Werden sie freilich zusätzlich strapaziert, indem Millionen von Menschen einwandern, denen die Prinzipien der liberalen Demokratie fremd sind und aufgrund ihrer tiefverwurzelten Ideale einer gerechten und gottgewollten – islamischen – Ordnung sogar als unsittlich erscheinen müssen, dann werden diese Einwanderergruppen erwartbar ein hohes Maß an systemoppositionellem Verhalten hervorbringen. Die Skala solchen Verhaltens reicht sehr weit, von passiver Resistenz über Hasspredigten bis hin zum Terrorismus, und nur eine kleine Minderheit wird bis zu dieser extremen Option vorstoßen; diese ist nur die Spitze des Eisbergs. Aber diese Spitze ist da, weil der Eisberg da ist.

Korruption ist ein in vielen Ländern nicht nur der Dritten Welt verbreitetes Problem, das dort hartnäckig allen Versuchen trotzt, seiner Herr zu werden. Es ist kulturell verwurzelt, und zwar aus ähnlichen Gründen wie die Organisierte Kriminalität. Was geschieht nun, wenn man den einheimischen Staatsapparat für Menschen öffnet, die solche kulturellen Orientierungen mitbringen? Sie werden selbstverständlich nicht alle korrupt sein, aber die Korruption wird mit Sicherheit ansteigen.

Es ist bezeichnend für die Oberflächlichkeit der veröffentlichten Meinung, daß solche Warnungen regelmäßig mit dem Hinweis auf den „Generalverdacht“ abgetan werden, unter den man diese oder jene Einwanderergruppe (oder welche Art von Minderheit auch immer) keinesfalls stellen dürfe. Dabei liegt es in der Natur statistischer Aussagen, daß sie keine Rückschlüsse auf den Einzelfall zulassen, wohl aber Rückschlüsse auf das Ergebnis, das sich einstellt, wenn man solche statistischen Befunde ignoriert.
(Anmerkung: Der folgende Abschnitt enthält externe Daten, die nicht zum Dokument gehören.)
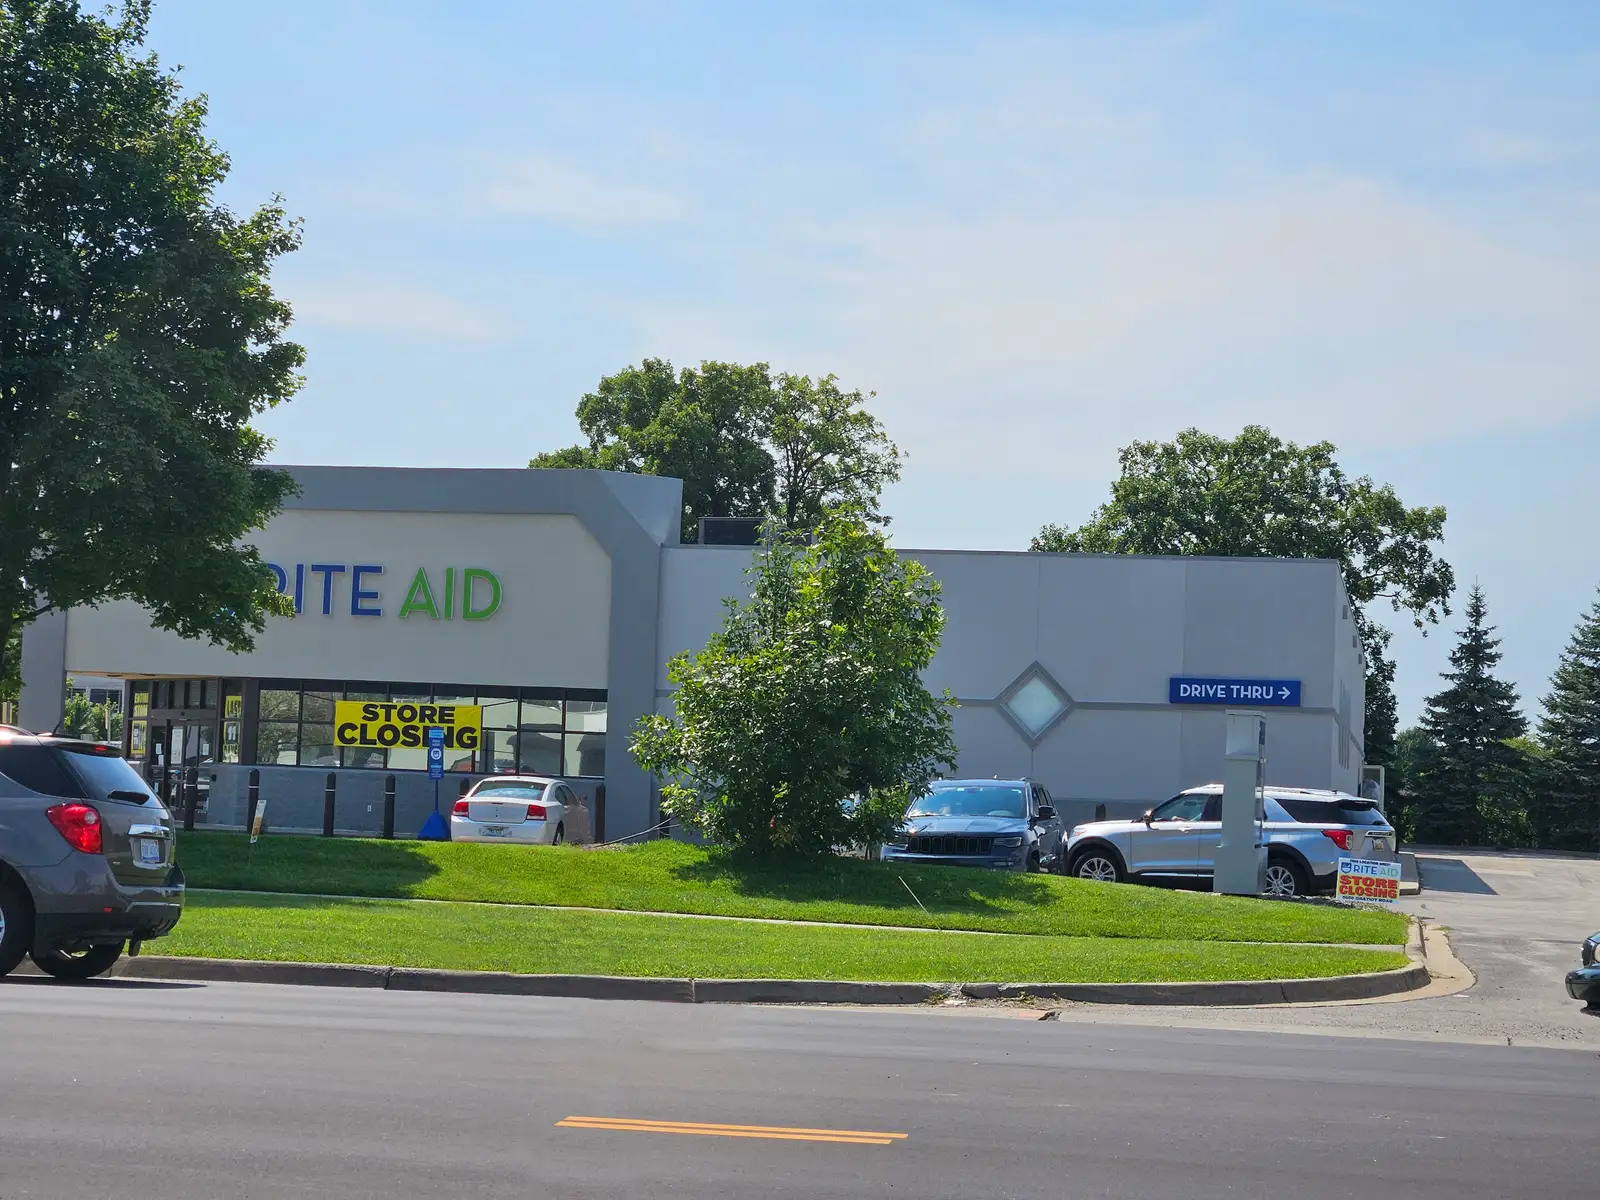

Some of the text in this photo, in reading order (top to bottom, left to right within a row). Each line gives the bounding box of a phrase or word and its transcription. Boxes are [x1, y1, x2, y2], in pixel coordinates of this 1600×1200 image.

Es gibt kein Recht auf Einwanderung; es gibt lediglich das Recht jedes Menschen, sich auf dem Gebiet desjenigen Staates aufzuhalten, dessen Bürger er ist. Komplementär dazu gibt es das Recht jedes Staates zu entscheiden, wen er einwandern läßt und wen nicht. Dies ist ein souveränes Recht, d.h. der Staat ist niemandem (außer seinen eigenen Bürgern, sofern er sich als demokratisch versteht) Rechenschaft darüber schuldig, wen er warum einwandern läßt. Er kann, darf und soll sich bei dieser Entscheidung an den Interessen seiner Bürger orientieren, und wenn er zu diesem Zweck einen „Generalverdacht“ hegen muß, dann muß er es eben.
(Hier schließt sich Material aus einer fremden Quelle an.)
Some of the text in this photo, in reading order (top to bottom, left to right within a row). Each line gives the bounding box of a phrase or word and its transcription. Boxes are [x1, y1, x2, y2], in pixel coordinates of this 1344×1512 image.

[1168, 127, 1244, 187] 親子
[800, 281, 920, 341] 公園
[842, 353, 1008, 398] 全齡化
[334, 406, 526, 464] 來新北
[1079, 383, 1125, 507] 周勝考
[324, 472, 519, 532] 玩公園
Eine solche These freilich ist vom Liberalismus her nicht begründbar – was nicht ausschließt, daß es Menschen gibt, die sich als liberal verstehen und ihr trotzdem anhängen; diese sind dann (in gesunder Weise) inkonsequent. Wenn nämlich Freiheit per se ein Menschenrecht ist und diese Freiheit notwendigerweise auch die Bewegungs- und Niederlassungsfreiheit beinhaltet, und wenn man darüber hinaus die Menschenrechte zum Ausgangspunkt der eigenen Ideologie macht, dann ist nicht begründbar, warum die Bewegungsfreiheit an Staatsgrenzen haltmachen sollte, es sei denn, der einzelne wäre erwiesenermaßen kriminell.

Die Beweispflicht ist dann dem Staat aufgebürdet, der eine bestimmte Person nicht einwandern lassen will; damit hört er auf, souverän, d.h. nicht rechenschaftspflichtig zu sein. Die Entscheidung, die Angehörigen ganzer Völker von der Einwanderung auszuschließen, muß vor dem Hintergrund einer solchen Ideologie „diskriminierend“, „menschenrechtswidrig“, „rassistisch“ und so weiter erscheinen, nicht weil sie dies tatsächlich wäre, sondern weil sie aus Gründen einer kollektiven Rationalität vorgenommen wird, die aus der individualisierenden liberalen Perspektive von vornherein illegitim ist.